Impulsive Purchases and Financial Decisions You Need to Avoid

Ricky Publico

Ricky Publico

Last updated November 15, 2022

Everyone's personal finance journey is different. The path isn't always clear-cut, so even the best of us find it difficult to make wise financial decisions sometimes—especially now that inflation is at an all-time high and impulsive purchases are always within reach due to the convenience and accessibility of online shopping.

That said, it’s okay to stumble and fall when it comes to your finances, as long as you know the importance of bouncing back. Take note of these impulsive decisions and buying behaviors to avoid.

7 Impulsive Financial Decisions You Need to Avoid

Splurging on Impulsive Purchases

impulsive purchases - splurging on impulsive purchases

As inflation ushers in a period of uncertainty for Filipinos, it’s normal to feel bleak about the future. It becomes wrong only when you use it to justify impulsive buying behavior.

Obviously, this isn’t the time to use your hard-earned savings to splurge on impulsive purchases such as daily fast food deliveries. Instead, roll up your sleeves and cook your own food instead, so you can also save on groceries

But remember, these uncertain times aren’t a life sentence. You still have a future to look forward to.

Overspending with Your Credit Card

Speaking of impulsive spending, have you ever felt intoxicated by how easy it is to splurge using a credit card? With a cash advance, for instance, you can withdraw money using your credit card. But that money isn't actually yours—you just borrowed it.

Remember to always think twice before using your card. It's not a cash card, so you should be able to afford each swipe. If you can't pay for your impulsive purchases in full, then don't use your card at all. 

Master the art of delayed gratification, so you can curb your impulsive decision-making. If you’re itching to go on an impulsive shopping spree, why not focus on what you already have and enjoy the now? You won't just save yourself a bunch of money, you'll also gain an appreciation for the things you have.

Compare credit cards with Moneymax

Resigning Without a Stable Income

The Philippine economy might have grown considerably,[1] but with inflation currently at its peak, you need to map out your financial backup plan before you leave your job.

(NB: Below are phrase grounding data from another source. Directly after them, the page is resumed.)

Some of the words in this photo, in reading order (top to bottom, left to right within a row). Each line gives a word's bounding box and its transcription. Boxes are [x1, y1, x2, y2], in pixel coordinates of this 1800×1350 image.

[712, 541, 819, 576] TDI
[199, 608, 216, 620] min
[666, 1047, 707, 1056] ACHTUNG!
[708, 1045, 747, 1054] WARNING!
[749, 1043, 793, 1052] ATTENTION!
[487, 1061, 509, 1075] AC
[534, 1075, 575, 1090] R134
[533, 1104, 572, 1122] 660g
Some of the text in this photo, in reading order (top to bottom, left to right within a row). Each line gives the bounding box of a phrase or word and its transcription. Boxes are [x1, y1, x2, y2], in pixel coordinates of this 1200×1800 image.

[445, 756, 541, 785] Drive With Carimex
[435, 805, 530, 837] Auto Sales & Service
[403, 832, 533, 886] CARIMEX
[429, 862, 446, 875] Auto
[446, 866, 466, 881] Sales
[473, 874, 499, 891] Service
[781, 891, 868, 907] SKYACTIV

Whatever your reason for quitting, remember to save up at least six months' worth of your salary before you hand in your resignation letter, especially if you don't have a new job lined up.

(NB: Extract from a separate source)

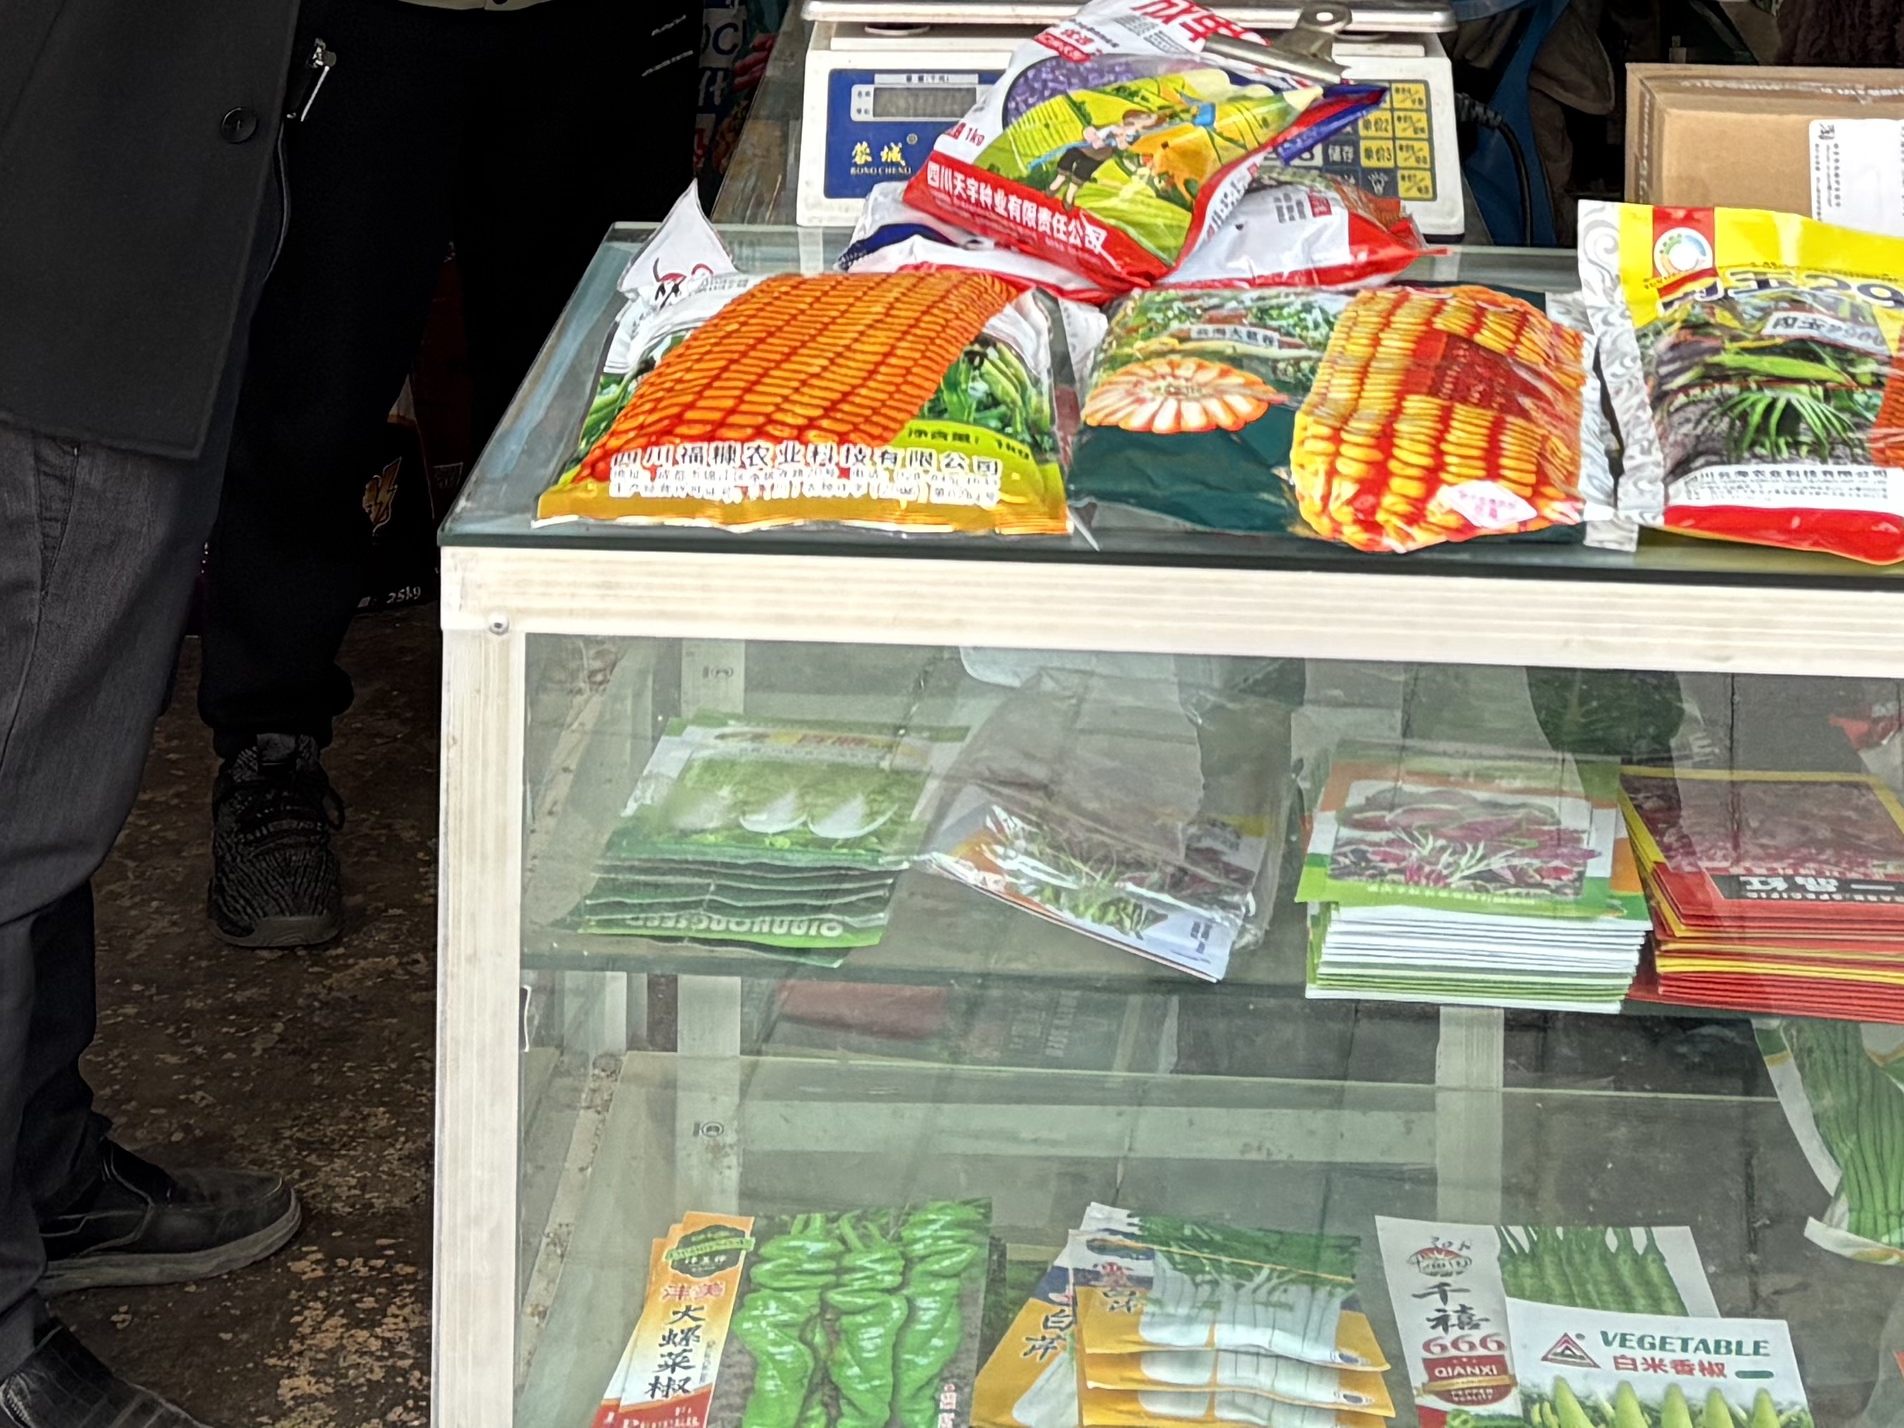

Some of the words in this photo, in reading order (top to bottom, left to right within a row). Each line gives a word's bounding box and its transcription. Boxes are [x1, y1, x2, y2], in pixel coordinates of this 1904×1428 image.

Of course, this is just a general rule—you still have to factor in your lifestyle expenses and debts, if any. Then adjust the amount accordingly. 

Starting a Business Without Enough Resources

impulsive purchases - starting a business without resources

They say starting a business is a leap of faith, but don’t let that adage hold true when it comes to your finances. Sure, launching your own business might be your lifelong dream, but that’s not reason enough to bet every single cent you have on such a risky venture.

In the meantime, stick to your current day job and stay patient when it comes to earning capital. You'll need a fallback just in case your business fails to gain profits.

Forgetting to Compare the Best Loan Deals

If you do end up needing a bit of extra cash, your first instinct might be to go with the first loan offer you see. However, you'll end up missing the fine print, which entails fees, penalties, and terms and conditions. This impulsive decision will most likely end up backfiring on you. 

Fortunately, since everything’s online now, scouring for the best financial services and comparing prices and alternatives just got a lot easier. Through platforms such as Moneymax, you can compare financial products like personal loans online.

Withdrawing All Your Investments and Savings

Inflation or not, you can't just hit pause on your investments or savings. After spending years growing them, don’t waste your efforts because you feel like you should be putting the money to use for day-to-day expenses, or worse, you want to use it on impulsive purchases.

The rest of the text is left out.